O “A Cidade” havia questionado a Prefeitura sobre a conduta exposta pelos médicos e a falta de estrutura, mas nenhum dos questionamentos foi respondido pelo Executivo.
A reportagem também solicitou uma entrevista com o secretário de Saúde Stênio Miranda, mas o pedido não foi nem mesmo respondido pela assessoria de imprensa da pasta.
É preciso estrutura de trabalho
Segundo Ulysses Strogoff de Matos, Presidente do Sindicato dos Médicos de São Paulo, diretoria de Ribeirão, “A estrutura de trabalho influencia diretamente na qualidade do atendimento médico. Essa estrutura tem início no vínculo do profissional com o local onde trabalha. A maneira como os médicos estão sendo contratados em Ribeirão Preto, pela terceirização, não fixa o profissional, não estimula e leva à sobrecarga. Não é habitual um médico de carreira trabalhar 36 horas seguidas. Todo ser humano tem limitações. Além disso, o médico precisa de equipamentos para trabalhar.

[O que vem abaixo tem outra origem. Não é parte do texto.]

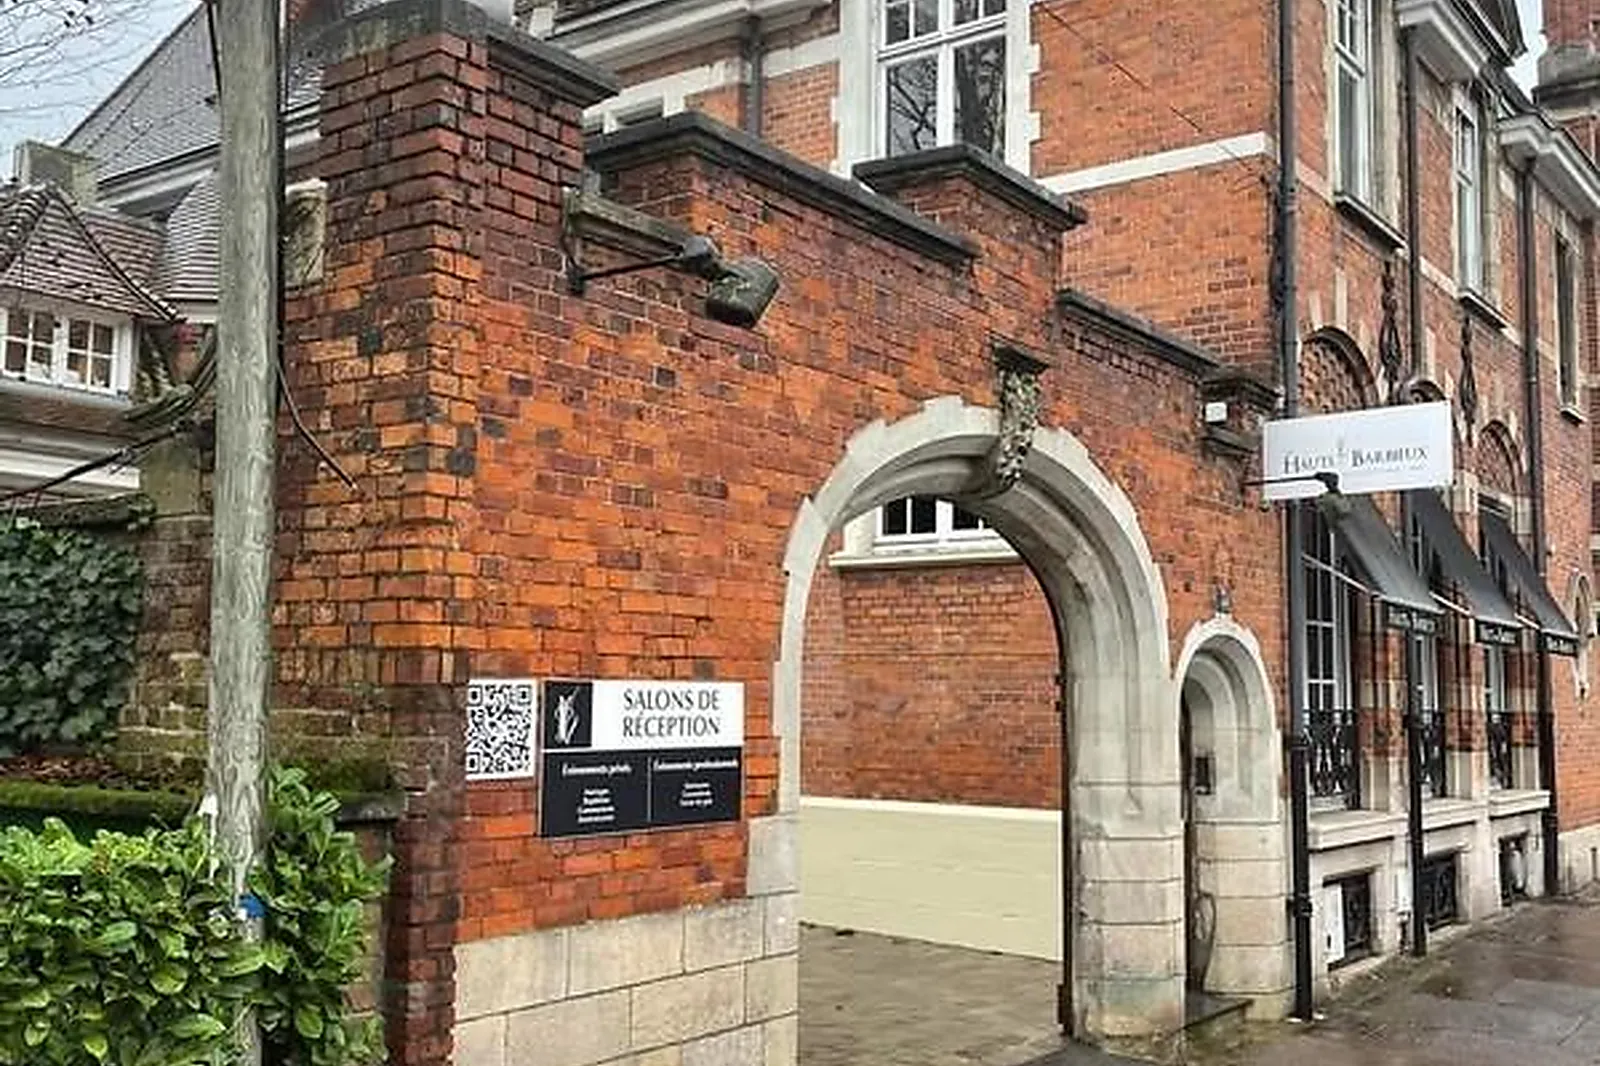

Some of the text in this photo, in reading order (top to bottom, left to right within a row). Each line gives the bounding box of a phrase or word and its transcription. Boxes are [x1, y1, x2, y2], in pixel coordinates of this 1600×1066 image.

[623, 688, 721, 710] SALONS DE
[622, 712, 721, 737] RÉCEPTION
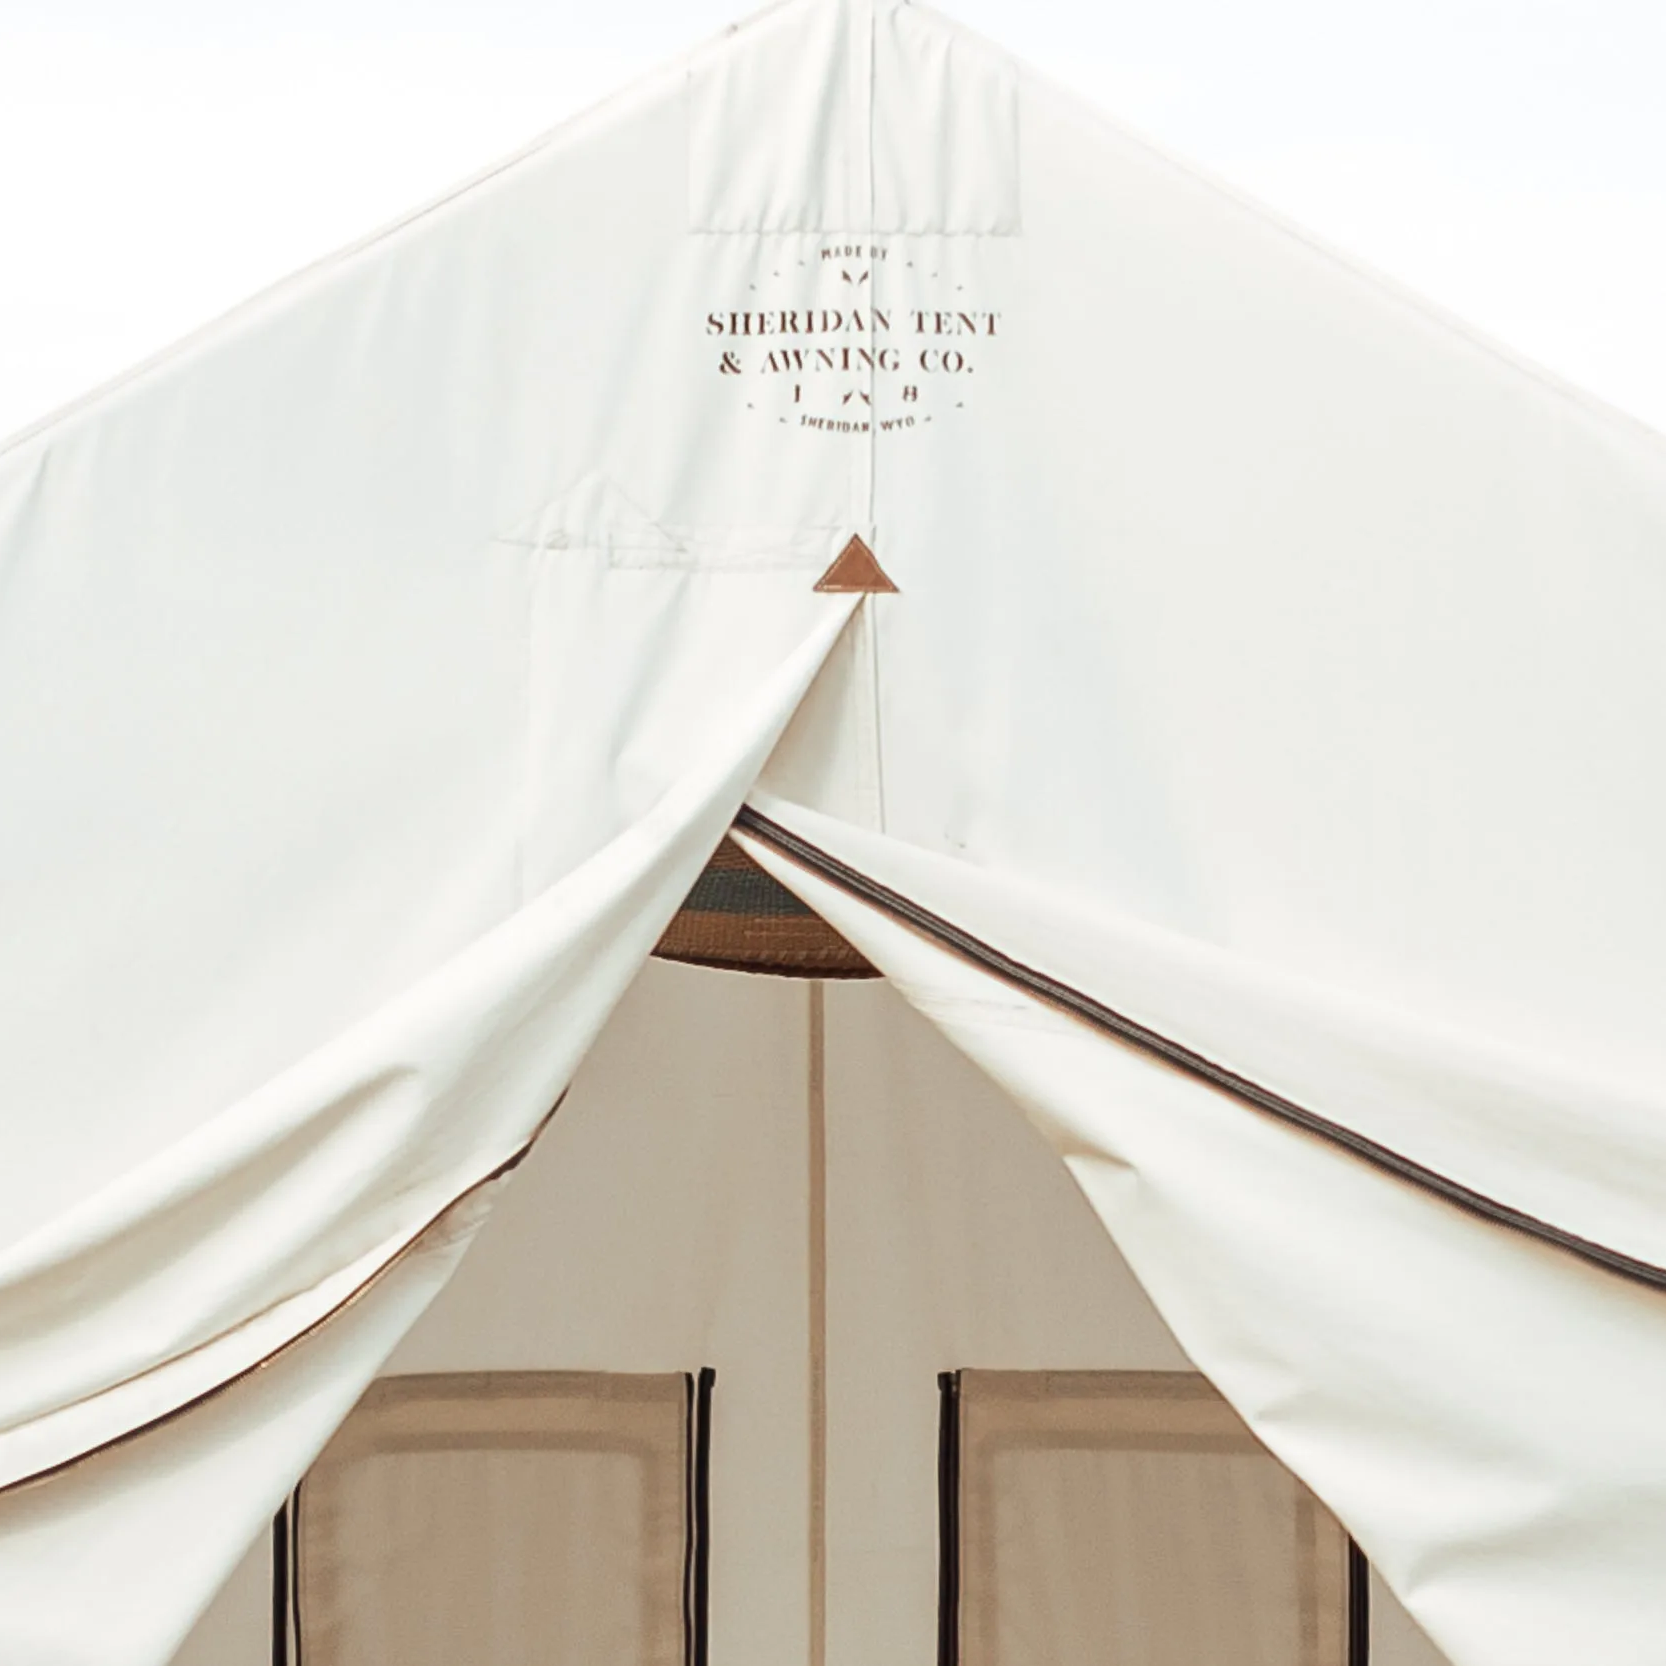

Se pede um exame, o serviço precisa disponibilizar com agilidade. O contrário é incompatível com o atendimento de urgência. Se há uma falha de atendimento, é de conjunto; desde o momento em que o paciente entra na unidade de saúde. É preciso reestruturar a saúde em Ribeirão, desde o atendimento básico. Nós, do Sindicato, notamos uma progressiva piora na qualidade da saúde em Ribeirão nos últimos anos. Não existe justificativa para a metodologia adotada pela prefeitura.”